Costume typical of a family belonging to the Principalía wearing Barong Tagalog and baro't saya.

16th century onwards

On May 19, 1571, Miguel López de Legazpi gave the title "city" to the colony of Manila.[19] The title was certified on June 19, 1572.[19] Under Spain, Manila became the colonial entrepot in the Far East. The Philippines was a Spanish colony administered under the Viceroyalty of New Spain and the Governor-General of the Philippines who ruled from Manila was sub-ordinate to the Viceroy in Mexico City.[20] Throughout the 333 years of Spanish rule, various grammars and dictionaries were written by Spanish clergymen, including Vocabulario de la lengua tagala by Pedro de San Buenaventura (Pila, Laguna, 1613), Pablo Clain's Vocabulario de la lengua tagala (beginning of the 18th century), Vocabulario de la lengua tagala (1835), and Arte de la lengua tagala y manual tagalog para la administración de los Santos Sacramentos (1850) in addition to early studies of the language.[21] The first substantial dictionary of Tagalog language was written by the Czech Jesuit missionary Pablo Clain in the beginning of the 18th century.[22] Further compilation of his substantial work was prepared by P. Juan de Noceda and P. Pedro de Sanlucar and published as Vocabulario de la lengua tagala in Manila in 1754 and then repeatedly[23] re-edited, with the last edition being in 2013 in Manila.[24] The indigenous poet Francisco Baltazar (1788–1862) is regarded as the foremost Tagalog writer, his most notable work being the early 19th-century epic Florante at Laura.[25]

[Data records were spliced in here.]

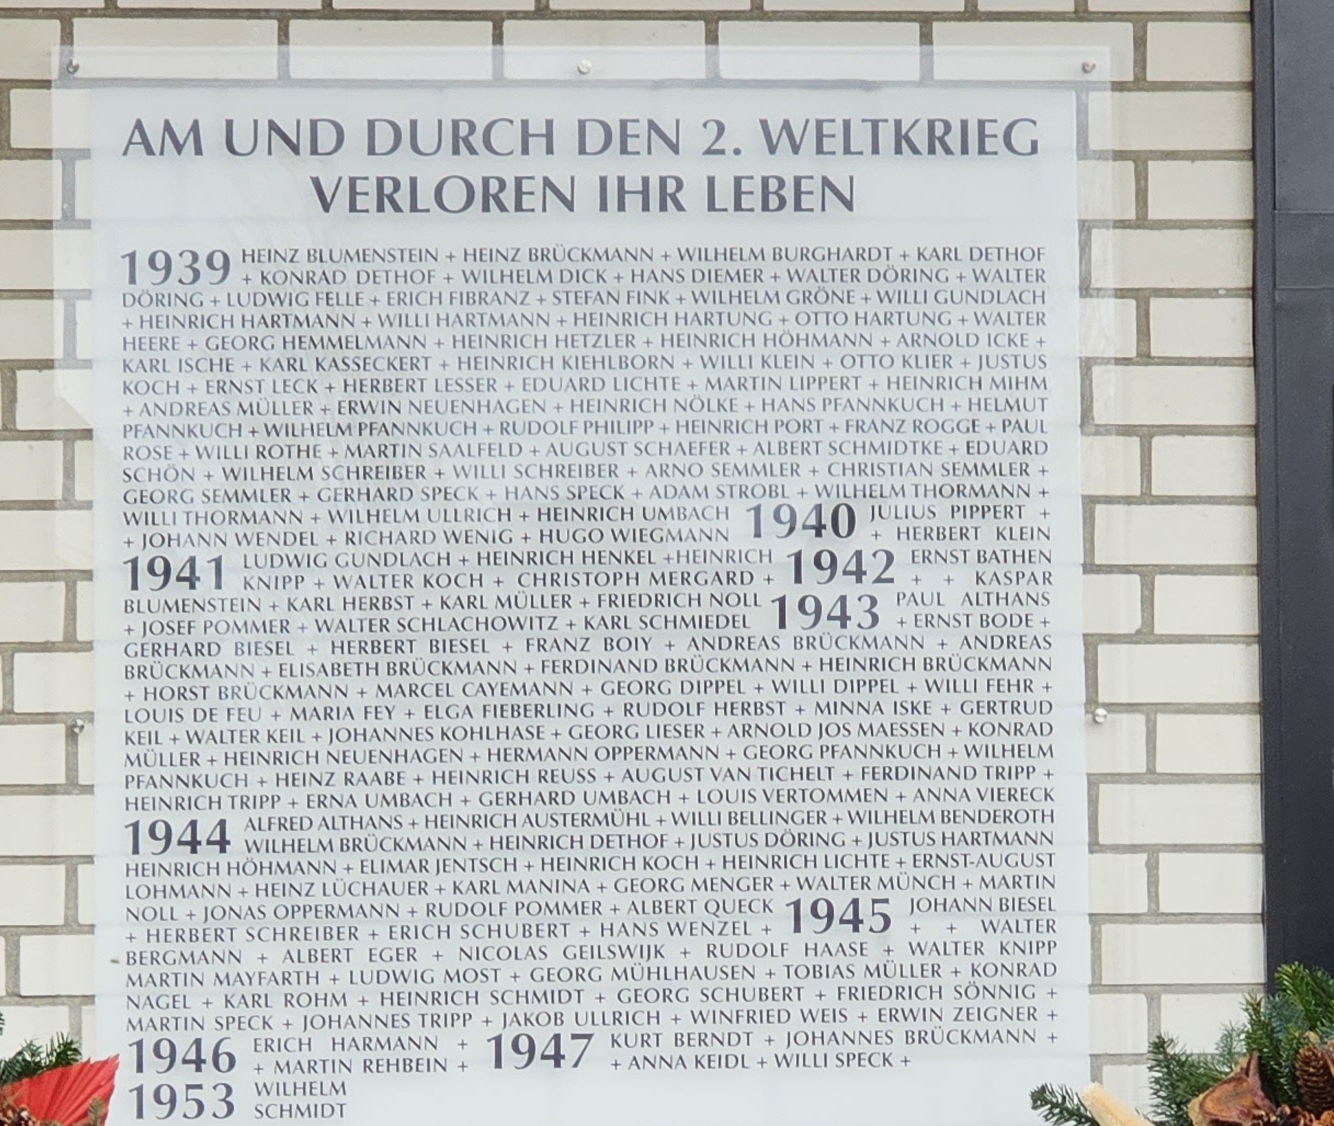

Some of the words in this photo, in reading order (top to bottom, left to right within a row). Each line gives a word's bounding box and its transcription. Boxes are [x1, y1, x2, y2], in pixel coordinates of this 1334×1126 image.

[122, 118, 203, 156] AM
[225, 119, 345, 156] UND
[367, 118, 554, 156] DURCH
[578, 119, 680, 155] DEN
[702, 119, 741, 156] 2.
[759, 118, 1038, 156] WELTKRIEG
[310, 175, 574, 214] VERLOREN
[599, 175, 686, 212] IHR
[707, 175, 853, 212] LEBEN
[241, 249, 299, 263] HEINZ
[307, 248, 438, 263] BLUMENSTEIN
[463, 248, 520, 262] HEINZ
[528, 242, 653, 262] BRÜCKMANN
[676, 247, 765, 262] WILHELM
[772, 247, 893, 262] BURGHARDT
[917, 247, 962, 261] KARL
[969, 247, 1045, 262] DETHOF
[121, 250, 230, 285] 1939
[123, 380, 179, 395] KOCH
[205, 379, 265, 394] ERNST
[272, 379, 318, 394] LECK
[343, 378, 427, 393] HERBERT
[435, 378, 497, 392] LESSER
[522, 377, 605, 392] EDUARD
[613, 377, 679, 391] LICHTE
[705, 376, 781, 391] MARTIN
[789, 376, 861, 390] LIPPERT
[887, 376, 982, 390] HEINRICH
[989, 376, 1047, 390] MIHM
[746, 503, 856, 538] 1940
[123, 555, 222, 591] 1941
[787, 549, 894, 585] 1942
[771, 594, 879, 630] 1943
[123, 642, 221, 658] GERHARD
[234, 641, 294, 656] BIESEL
[331, 639, 417, 655] HERBERT
[429, 638, 489, 654] BIESEL
[525, 637, 591, 652] FRANZ
[603, 637, 652, 652] BOIY
[687, 636, 780, 651] ANDREAS
[793, 630, 924, 650] BRÜCKMANN
[959, 635, 1052, 650] ANDREAS
[124, 708, 184, 723] LOUIS
[193, 708, 217, 722] DE
[226, 707, 261, 722] FEU
[289, 706, 355, 721] MARIA
[363, 705, 395, 720] FEY
[424, 704, 473, 719] ELGA
[482, 703, 594, 718] FIEBERLING
[623, 701, 705, 717] RUDOLF
[714, 701, 786, 716] HERBST
[814, 701, 884, 715] MINNA
[893, 700, 931, 716] ISKE
[959, 700, 1053, 715] GERTRUD
[125, 773, 247, 789] PFANNKUCH
[275, 772, 335, 787] HEINZ
[343, 771, 405, 786] RAABE
[432, 769, 529, 785] HEINRICH
[537, 768, 596, 784] REUSS
[621, 767, 701, 783] AUGUST
[709, 767, 751, 782] VAN
[759, 766, 832, 782] TICHELT
[861, 766, 977, 781] FERDINAND
[983, 765, 1036, 780] TRIPP
[124, 819, 231, 855] 1944
[243, 838, 334, 854] WILHELM
[339, 832, 466, 852] BRÜCKMANN
[489, 834, 583, 850] HEINRICH
[590, 834, 668, 849] DETHOF
[690, 834, 759, 850] JUSTUS
[764, 827, 845, 847] DÖRING
[867, 833, 936, 849] JUSTUS
[941, 831, 1053, 846] HARTMANN
[786, 898, 891, 934] 1945
[125, 972, 204, 987] MARTIN
[213, 971, 319, 986] MAYFARTH
[349, 969, 434, 985] LUDWIG
[443, 968, 501, 983] MOST
[529, 967, 601, 982] GEORG
[610, 961, 755, 981] MÜHLHAUSEN
[782, 964, 855, 979] TOBIAS
[863, 958, 941, 978] MÜLLER
[970, 962, 1057, 978] KONRAD
[253, 1037, 311, 1052] ERICH
[331, 1036, 437, 1051] HARMANN
[610, 1033, 663, 1048] KURT
[674, 1032, 753, 1047] BERNDT
[786, 1030, 893, 1046] JOHANNES
[904, 1025, 1035, 1045] BRÜCKMANN
[128, 1037, 236, 1074] 1946
[273, 1059, 352, 1074] MARTIN
[363, 1058, 447, 1073] REHBEIN
[487, 1033, 595, 1070] 1947
[627, 1055, 687, 1070] ANNA
[694, 1054, 749, 1069] KEIDL
[773, 1053, 827, 1068] WILLI
[835, 1052, 893, 1068] SPECK
[129, 1083, 234, 1120] 1953
[254, 1081, 346, 1096] WILHELM
[254, 1103, 347, 1119] SCHMIDT

Group of Tagalog revolutionaries during the Spanish–American War of 1898

Prior to Spanish arrival and Catholic seeding, the ancient Tagalog people used to cover the following: present-day Calabarzon region except the Polillo Islands, northern Quezon, Alabat island, the Bondoc Peninsula, and easternmost Quezon; Marinduque; Bulacan except for its eastern part; and southwest Nueva Ecija, as much of Nueva Ecija used to be a vast rainforest where numerous nomadic ethnic groups stayed and left. When the polities of Tondo and Maynila fell due to the Spanish, the Tagalog-majority areas grew through Tagalog migrations in portions of Central Luzon and north Mimaropa as a Tagalog migration policy was implemented by Spain. This was continued by the Americans when they defeated Spain in a war.[citation needed]

The first Asian-origin people known to arrive in North America after the beginning of European colonization were a group of Filipinos known as "Luzonians" or Luzon Indians who were part of the crew and landing party of the Spanish galleon Nuestra Señora de la Buena Esperanza. The ship set sail from Macau and landed in Morro Bay in what is now the California coast on October 17, 1587, as part of the Galleon Trade between the Spanish East Indies (the colonial name for what would become the Philippines) and New Spain (Spain's Viceroyalty in North America).[26] More Filipino sailors arrived along the California coast when both places were part of the Spanish Empire.[27] By 1763, "Manila men" or "Tagalas" had established a settlement called St. Malo on the outskirts of New Orleans, Louisiana.[28]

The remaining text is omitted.